Well, I should have taken many bloggers’ advice and not made resolutions or Lenten promises at all. I can never keep them. In fact, most of the traditional Christian practices such as prayer and meditation are way beyond me, it would seem. I’ve always taken the position that if God is God, then I don’t need to seek Him out, He will find me when He’s good and ready. The more I seek, the more God moves away, so why expend the energy? Christians love to say that if we are having a hard time finding faith then we are the ones who probably are “moving away” from God not the other way around. I find this ridiculous. If “Christ is all and in all,” then no matter where I move, God is going to be there (Colossians 3:11). I just can’t sense it at the time. If I am indeed a believer, sealed by the Holy Spirit until the day of redemption (Ephesians 4:30), then I don’t need to go searching after God, I just have to focus inward and listen.Well, since all the Lenten practices seem focused on the outward, I specifically stayed away from fasting, giving up food, going to Mass on certain days, and so forth because these are ineffective in bringing one any closer to God, at least for me they are ineffective. You cannot get any closer to God than you are already, if you believe. Besides, according to Colossians 2:

16 … do not let anyone judge you by what you eat or drink, or with regard to a religious festival, a New Moon celebration or a Sabbath day. 17 These are a shadow of the things that were to come; the reality, however, is found in Christ… 20 Since you died with Christ to the elemental spiritual forces of this world, why, as though you still belonged to the world, do you submit to its rules: 21 “Do not handle! Do not taste! Do not touch!”? 22 These rules, which have to do with things that are all destined to perish with use, are based on merely human commands and teachings. 23 Such regulations indeed have an appearance of wisdom, with their self-imposed worship, their false humility and their harsh treatment of the body, but they lack any value in restraining sensual indulgence.
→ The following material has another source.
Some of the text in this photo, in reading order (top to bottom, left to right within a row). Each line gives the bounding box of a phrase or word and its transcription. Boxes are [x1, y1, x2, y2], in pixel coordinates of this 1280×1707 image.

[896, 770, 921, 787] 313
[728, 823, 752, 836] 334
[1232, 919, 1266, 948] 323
These practices call attention to earthly things and, like the scripture says, lack any value in restraining sensual indulgence. In fact, I think people get a certain pride out of how much they can fast or even that they can fast at all!

So, I eschewed the usual practices and took the unusual step of giving up institutional religion altogether. I should have known that wouldn’t work either. Saturday night we went to our area Chamber of Commerce Trivia Night. We were at our deacon friend and his wife’s table and naturally we all had a good time, had some drinks (it was at the KC Hall) and enjoyed a rousing game of trivia. Feeling particularly jovial, one of them asked if I’d be at church the next day and I said that I would. Well, I went and here I am not the worse for wear by any means. In fact, I feel pretty good about it. Yup, Lenten-ly challenged.
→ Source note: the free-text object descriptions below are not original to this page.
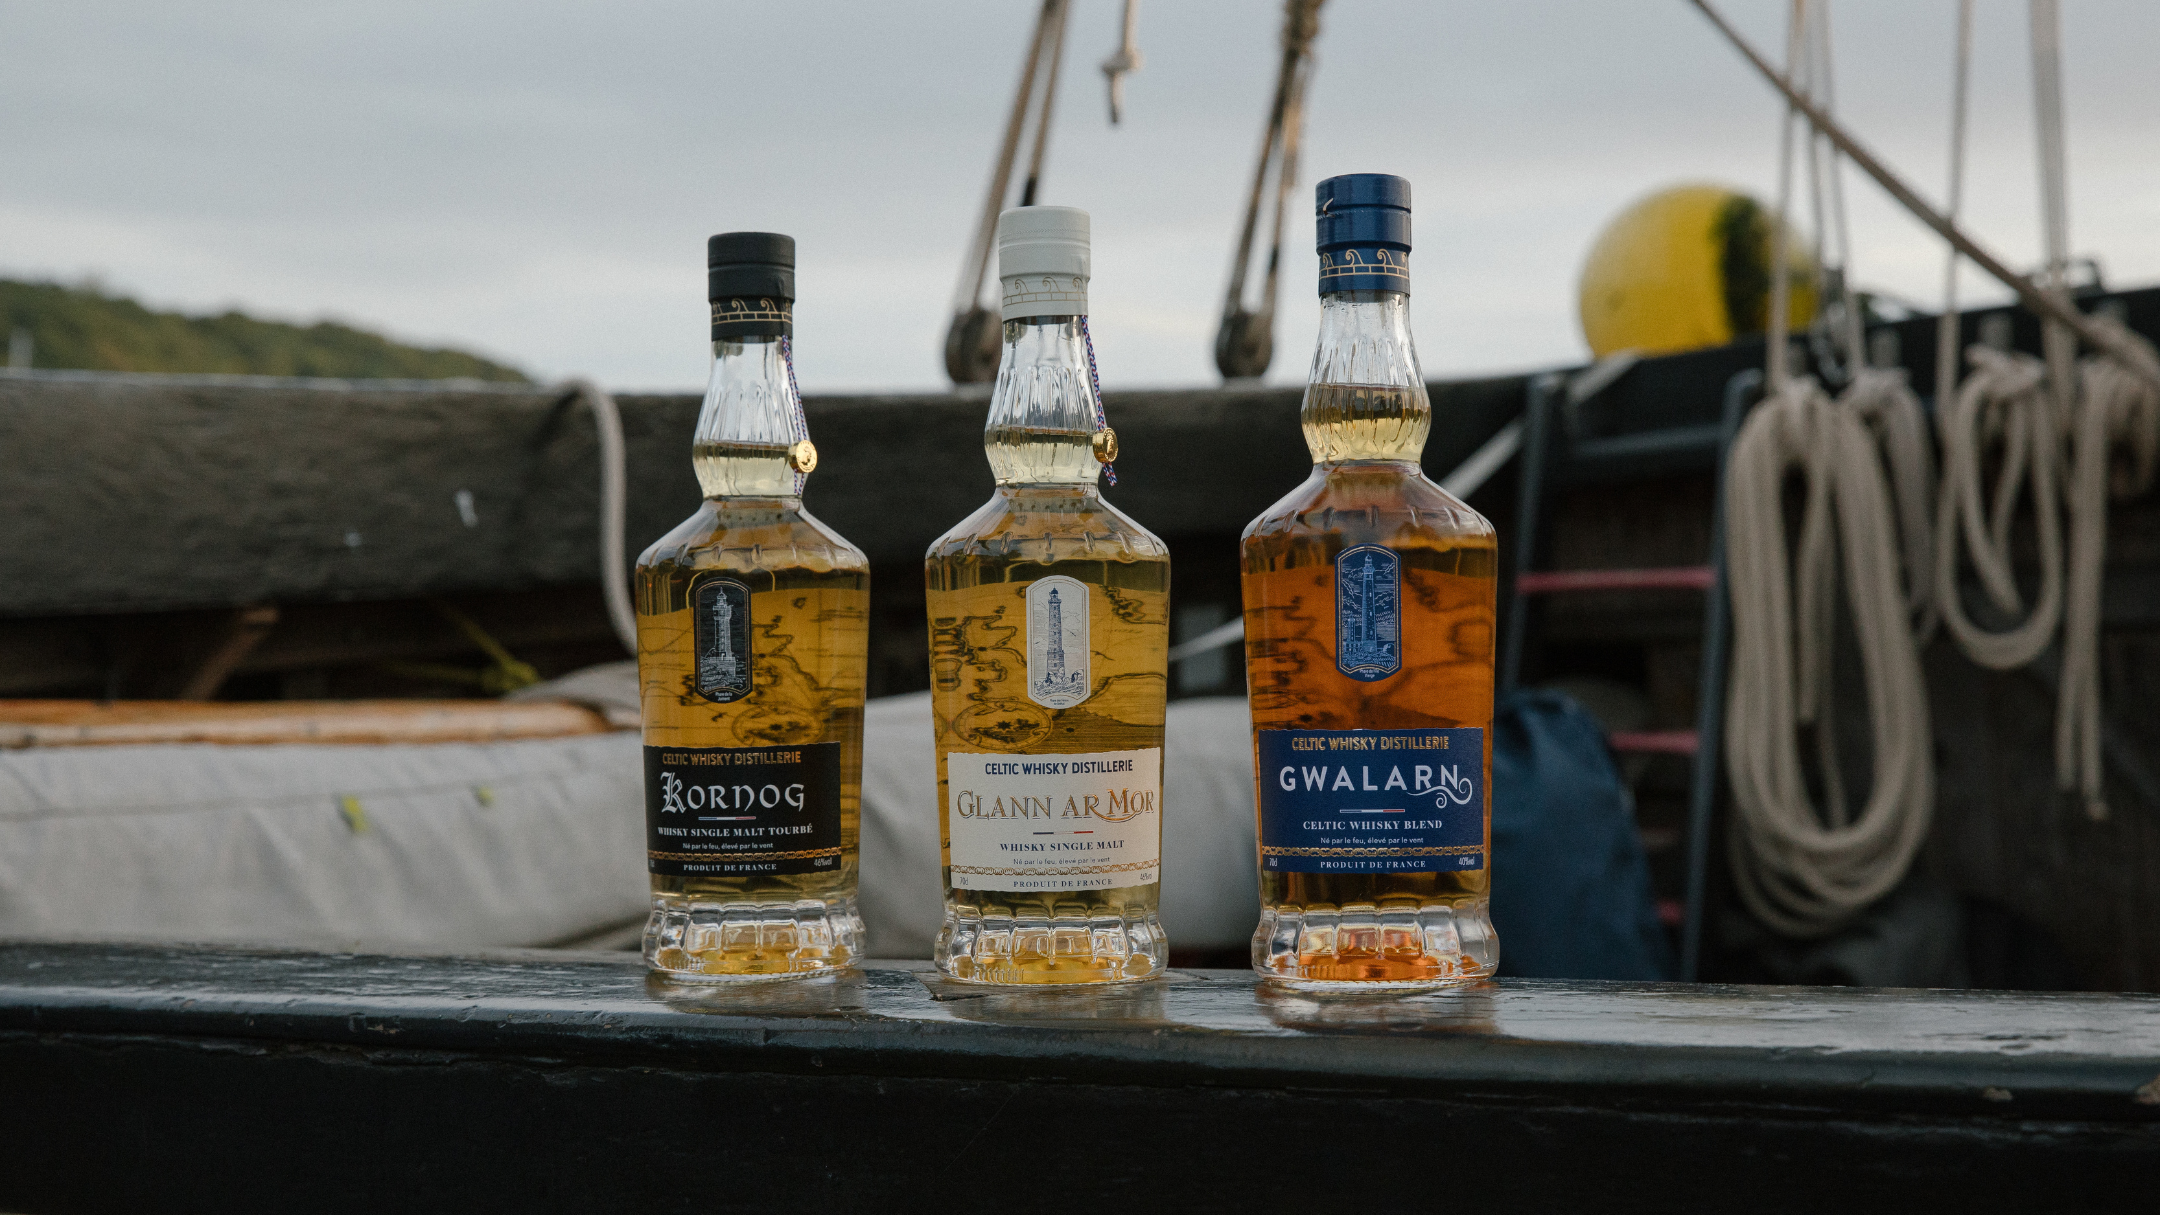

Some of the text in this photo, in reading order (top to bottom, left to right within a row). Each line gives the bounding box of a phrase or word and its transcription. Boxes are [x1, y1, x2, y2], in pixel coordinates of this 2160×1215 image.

[1292, 736, 1449, 751] CELTIC WHISKY DISTILLERIE
[663, 751, 801, 765] CELTIC WHISKY DISTILLERIE
[985, 760, 1133, 775] CELTIC WHISKY DISTILLERIE
[1279, 765, 1472, 809] GWALARN
[658, 823, 813, 837] WHISKY SINGLE MALT TOURBÉ
[1303, 820, 1442, 830] CELTIC WHISKY BLEND
[1000, 840, 1125, 851] WHISKY SINGLE MALT
[1353, 837, 1366, 845] feu,
[739, 863, 776, 871] FRANCE
[1320, 861, 1366, 869] PRODUIT
[1077, 878, 1113, 887] FRANCE
Anyway, at church yesterday I felt convicted by my less than humble spirit:

Psalm 1:1 How blessed is the one who does not follow the advice of the wicked, or stand in the pathway with sinners, or sit in the assembly of scoffers!

I think God’s messin’ with my head. I also think that I’ve gotten myself a nice, comfy seat with scoffers here on the internet and I don’t like it. I’ve been thinking I need to change my ways or get out of Dodge.